Remember when you were a kid and life seemed so full of hope and possibilities? Remember when you used to lay on the grass and stare up at the stars imagining yourself floating among them? What happened to that feeling? Why was it so unjustly ripped from us along with the expanses of our imagination as we grew older? Though we may still be able to pretend we’re driving a race car by making noises behind the wheel or pretend we’re spacemen/spacewomen (space people?) by walking slowly and breathing like Darth Vader, it just isn’t the same. We’re still lacking that feeling in our gut we had when imaging was so easy. If only there was a talent capable of making this feeling return.
Insert: Freelance Whales
Judah Dadone, Doris Cellar, Chuck Criss, Jacob Hyman, and Kevin Read have created a very intimate world of musical imagination. Their ranging instrumentals are only rivaled by their expansive and endless imagination. Combining their talents under Freelance Whales, their style is vast and their sound is as far reaching as space itself.

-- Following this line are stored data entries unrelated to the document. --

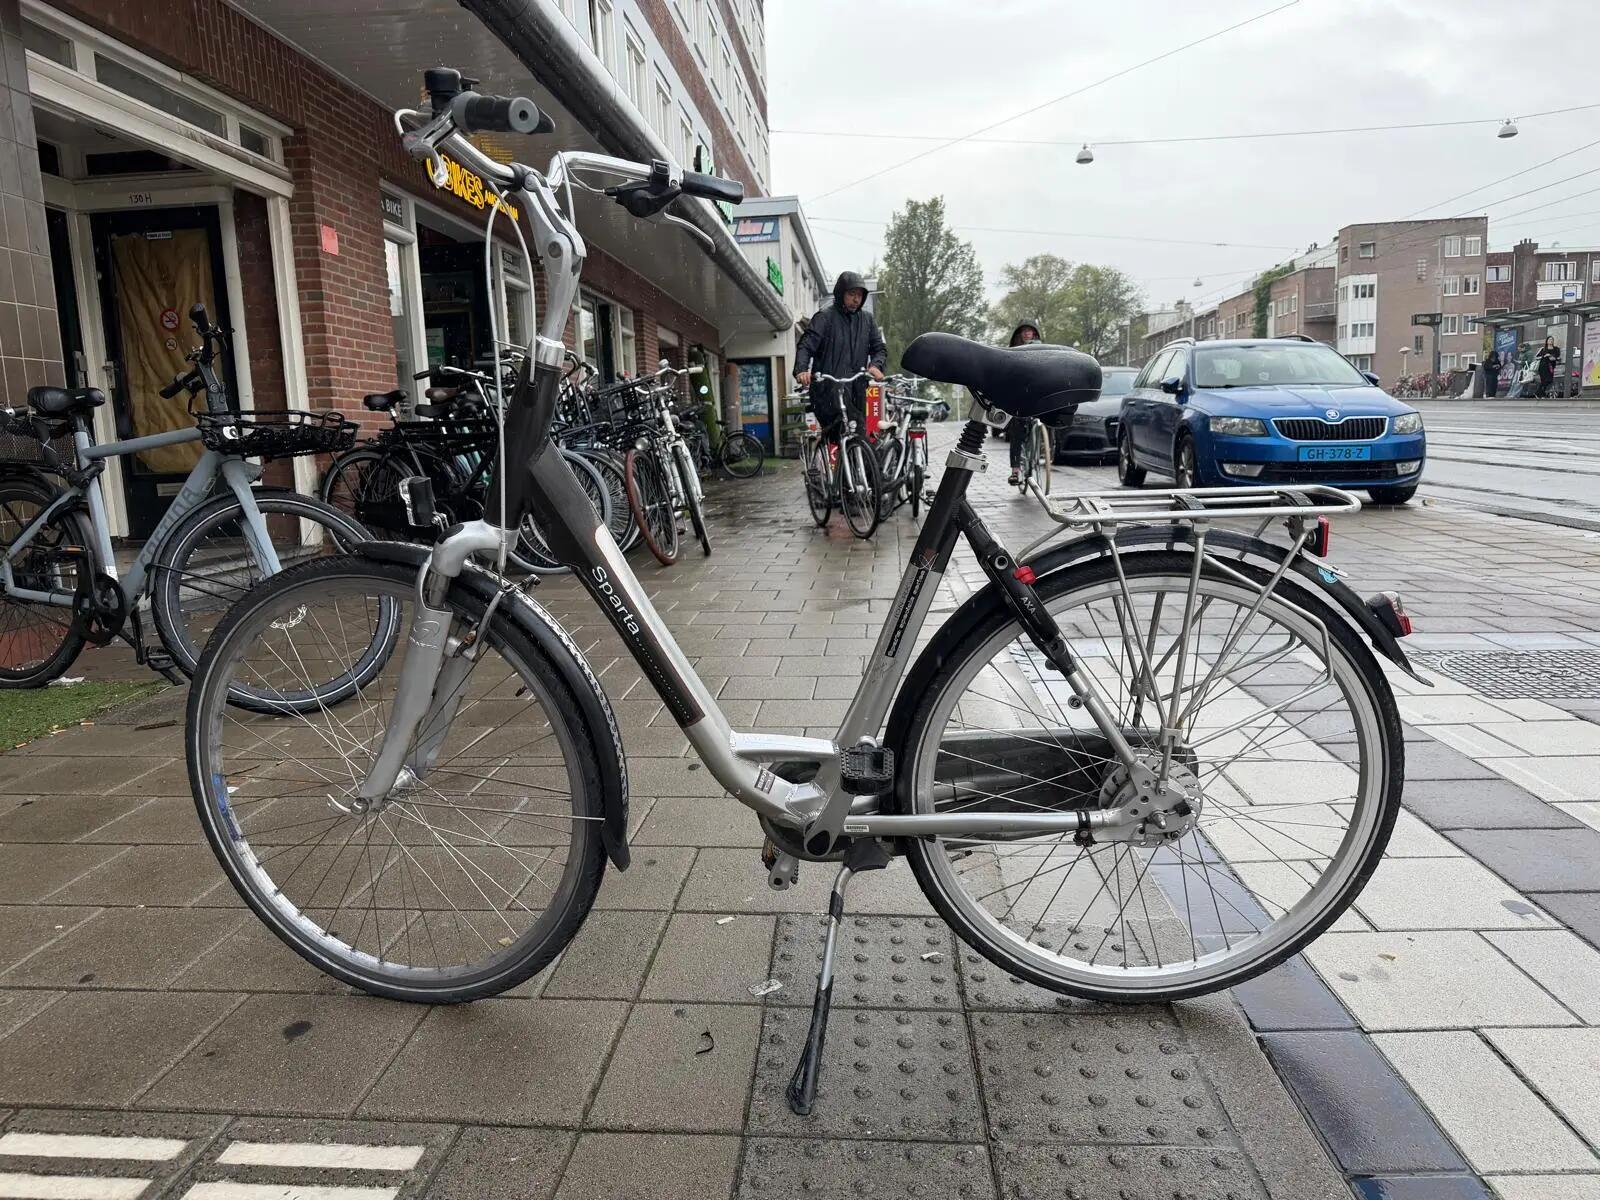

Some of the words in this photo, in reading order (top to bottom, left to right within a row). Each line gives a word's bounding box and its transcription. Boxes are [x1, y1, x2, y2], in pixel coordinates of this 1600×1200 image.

[129, 194, 144, 204] 130
[385, 198, 402, 217] BIKE
[1306, 448, 1363, 459] GH-378-Z
[592, 566, 640, 636] Sparta
[1020, 596, 1036, 615] AXA

The quintet sat down with “the possible survival – or peril – of space-faring humans and other arguably fantastical scenarios.” The end result of their collaborating efforts is the elegantly spacious Diluvia.

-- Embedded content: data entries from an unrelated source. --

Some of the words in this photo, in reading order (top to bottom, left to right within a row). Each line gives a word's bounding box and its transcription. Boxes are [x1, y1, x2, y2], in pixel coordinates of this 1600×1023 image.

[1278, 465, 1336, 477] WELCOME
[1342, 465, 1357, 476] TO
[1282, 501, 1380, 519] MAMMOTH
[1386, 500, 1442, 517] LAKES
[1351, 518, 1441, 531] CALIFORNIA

By incorporating lush electronic layers with their established dynamic instrumentals Freelance Whales crafts a world in which it is easy to lose yourself and let your mind wander through each track. Toss in the fact that all five members have vocal responsibility and we’ve found a truly talented and authentically memorable sound.
Like that child inside of us who remembers those endless possibilities, Diluvia stretches out far and wide with their latest release. Their sound is molded around synths reminding me of big 80s sounds dancing majestically with ambient effects and indie-pop vocals. Diluvia is built with a range of appealing tracks. “Aeolus” promptly entangles you in a floating and intellectually powered composition, “Follow Through” builds up to a piano backed ballad, “Locked Out” is rich with imaginative range and “DNA Bank” weaves a complexly contemplative lyric into a light almost whimsical melody. Freelance Whales paint a world that is a thinker’s music. They evoke thought and emotion with little effort. Harnessing their ideas and their art in an eleven track album, coming close to an early Death Cab sound, Freelance Whales is a sound alone in an infinite space of potential. They enable you to be full of hope and possibilities again, but with an understanding that those possibilities may be faced with harsh realities.